Stored data entries:
BEGIN
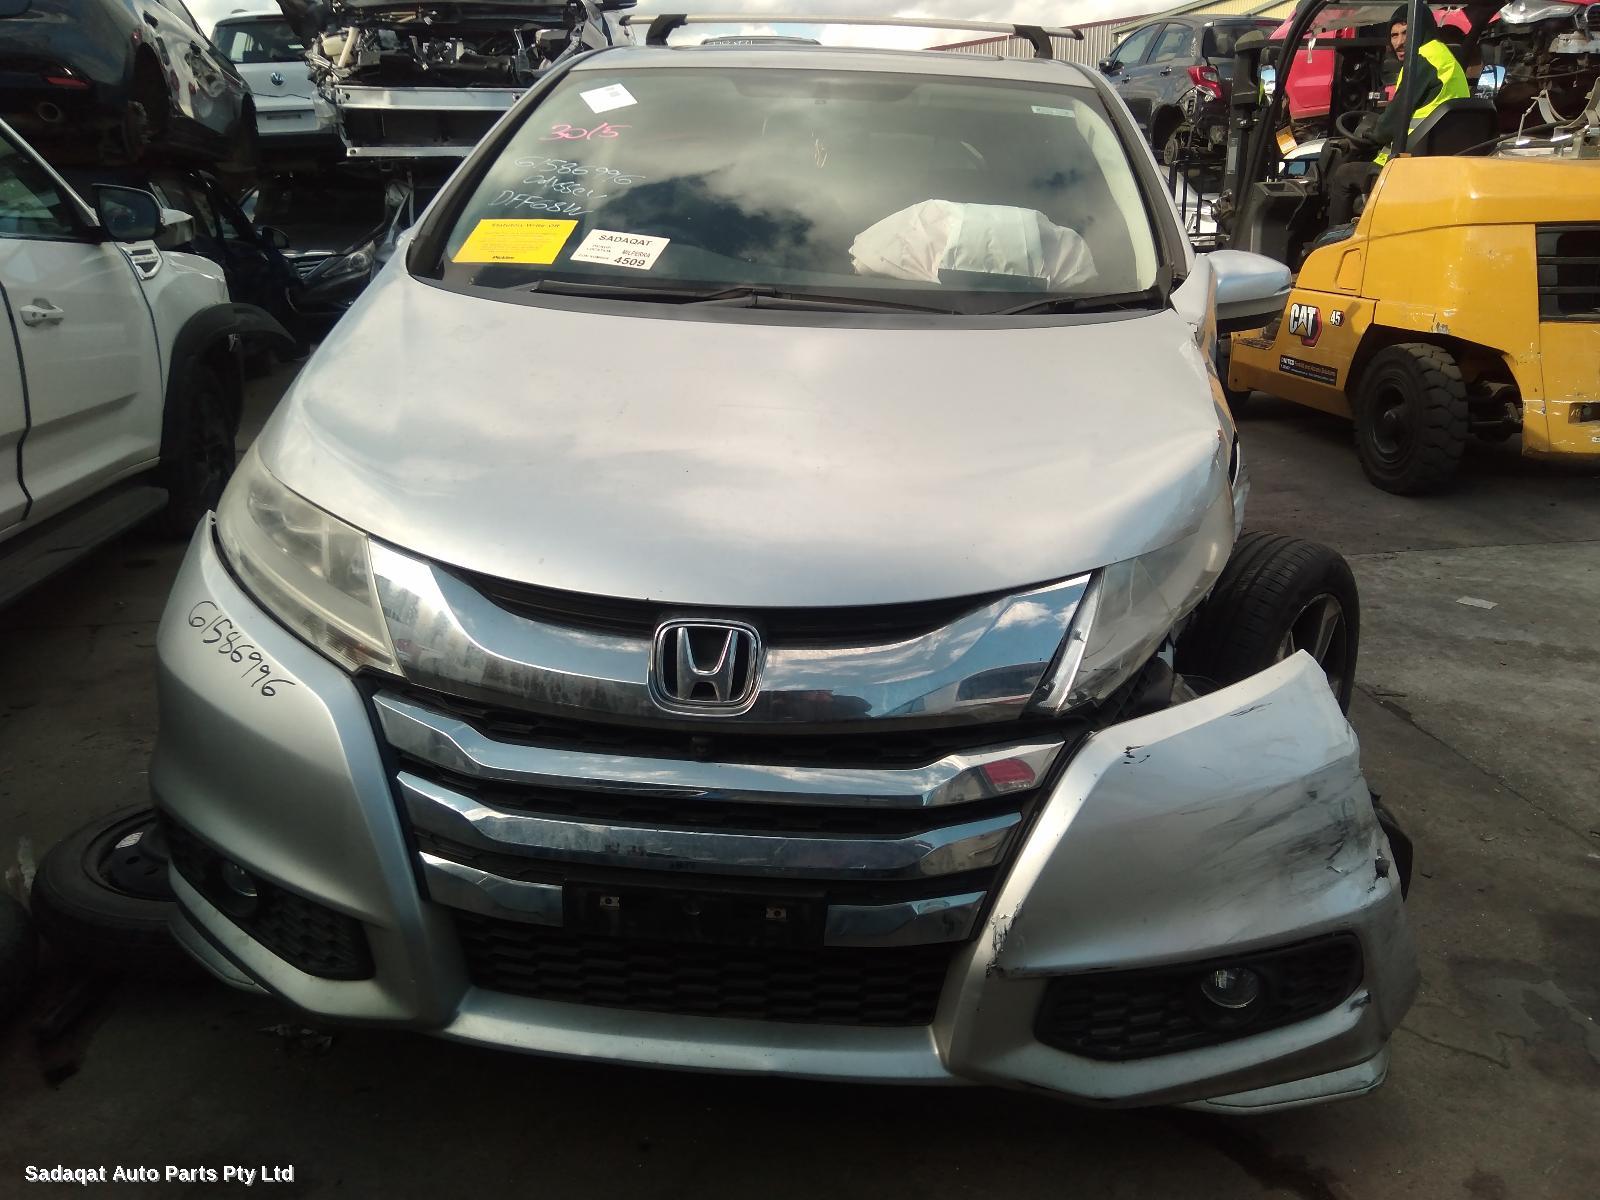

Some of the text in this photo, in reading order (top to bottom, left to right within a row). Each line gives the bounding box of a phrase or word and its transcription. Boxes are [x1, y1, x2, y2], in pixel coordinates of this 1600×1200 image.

[538, 122, 632, 140] 30/5
[598, 234, 653, 247] SADAQAT
[613, 256, 646, 267] 4509
[1289, 303, 1317, 337] CAT
[1330, 310, 1341, 326] 45
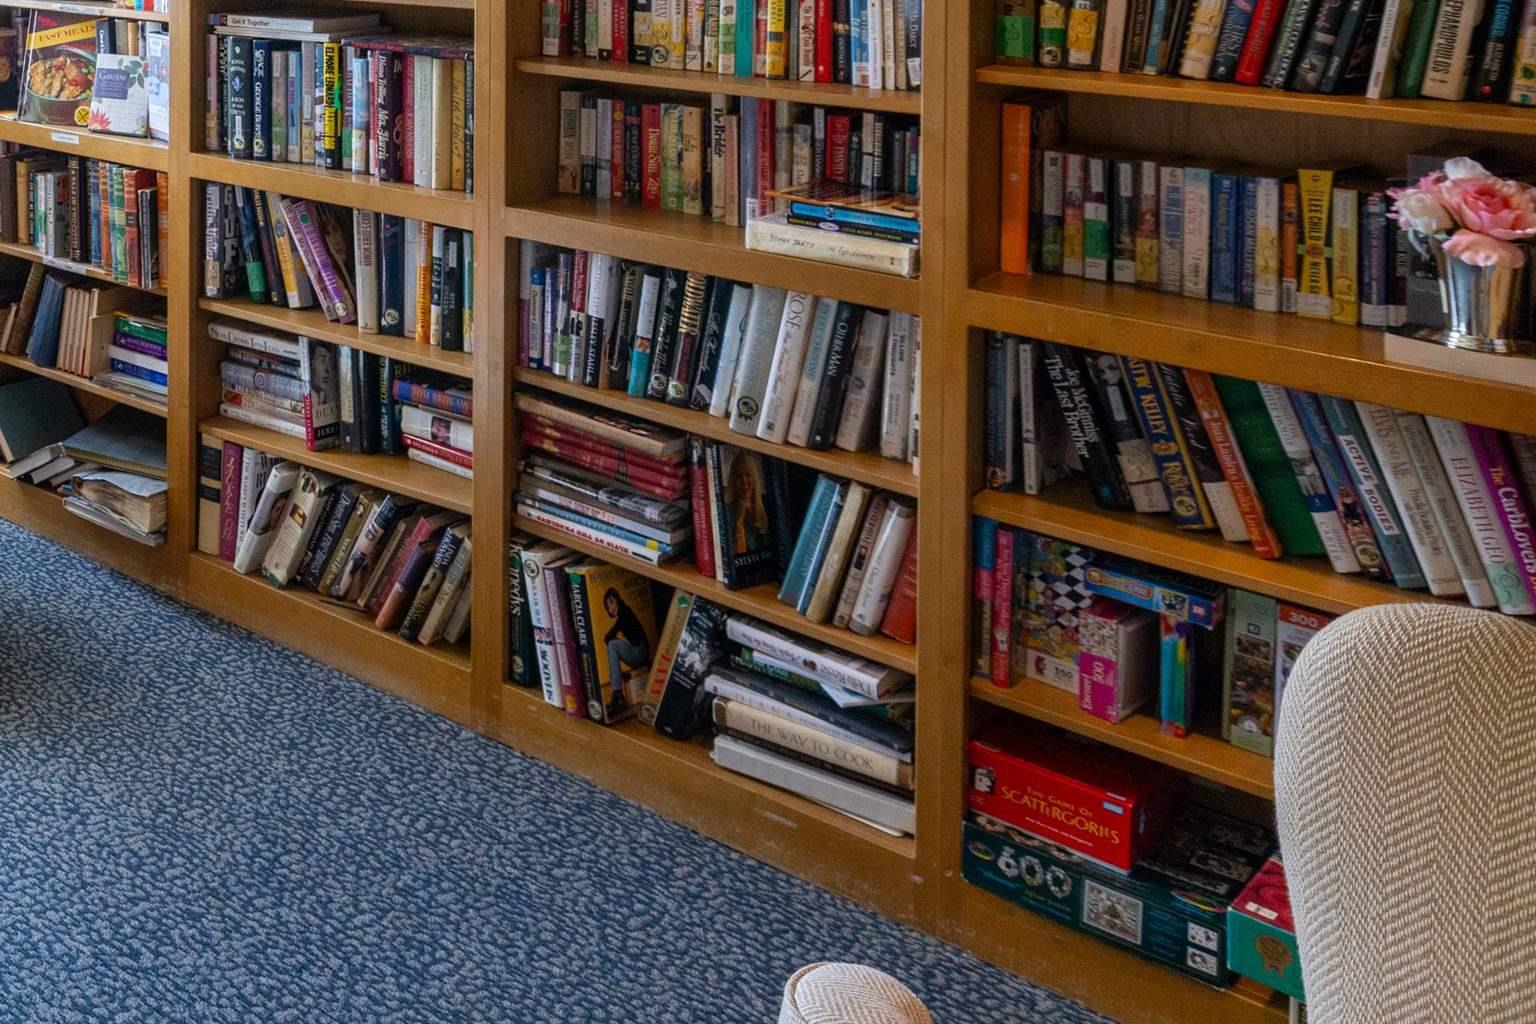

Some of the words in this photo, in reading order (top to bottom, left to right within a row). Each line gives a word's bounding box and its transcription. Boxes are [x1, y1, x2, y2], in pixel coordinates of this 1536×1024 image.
END
Exercise requirements
Reproduce the entries above exactly, without images.

Exercise answer
Some of the text in this photo, in reading order (top to bottom, left to right within a row). Each line gives the bounding box of a phrase or word and its transcription. Boxes are [x1, y1, x2, y2], in pixel coordinates of this 1600×1200 image.

[538, 122, 632, 140] 30/5
[598, 234, 653, 247] SADAQAT
[613, 256, 646, 267] 4509
[1289, 303, 1317, 337] CAT
[1330, 310, 1341, 326] 45

Some of the words in this photo, in reading order (top to bottom, left to right within a row). Each line gives a word's bounding box and its transcription. Boxes are [x1, y1, x2, y2], in pixel coordinates of this 1536×1024 image.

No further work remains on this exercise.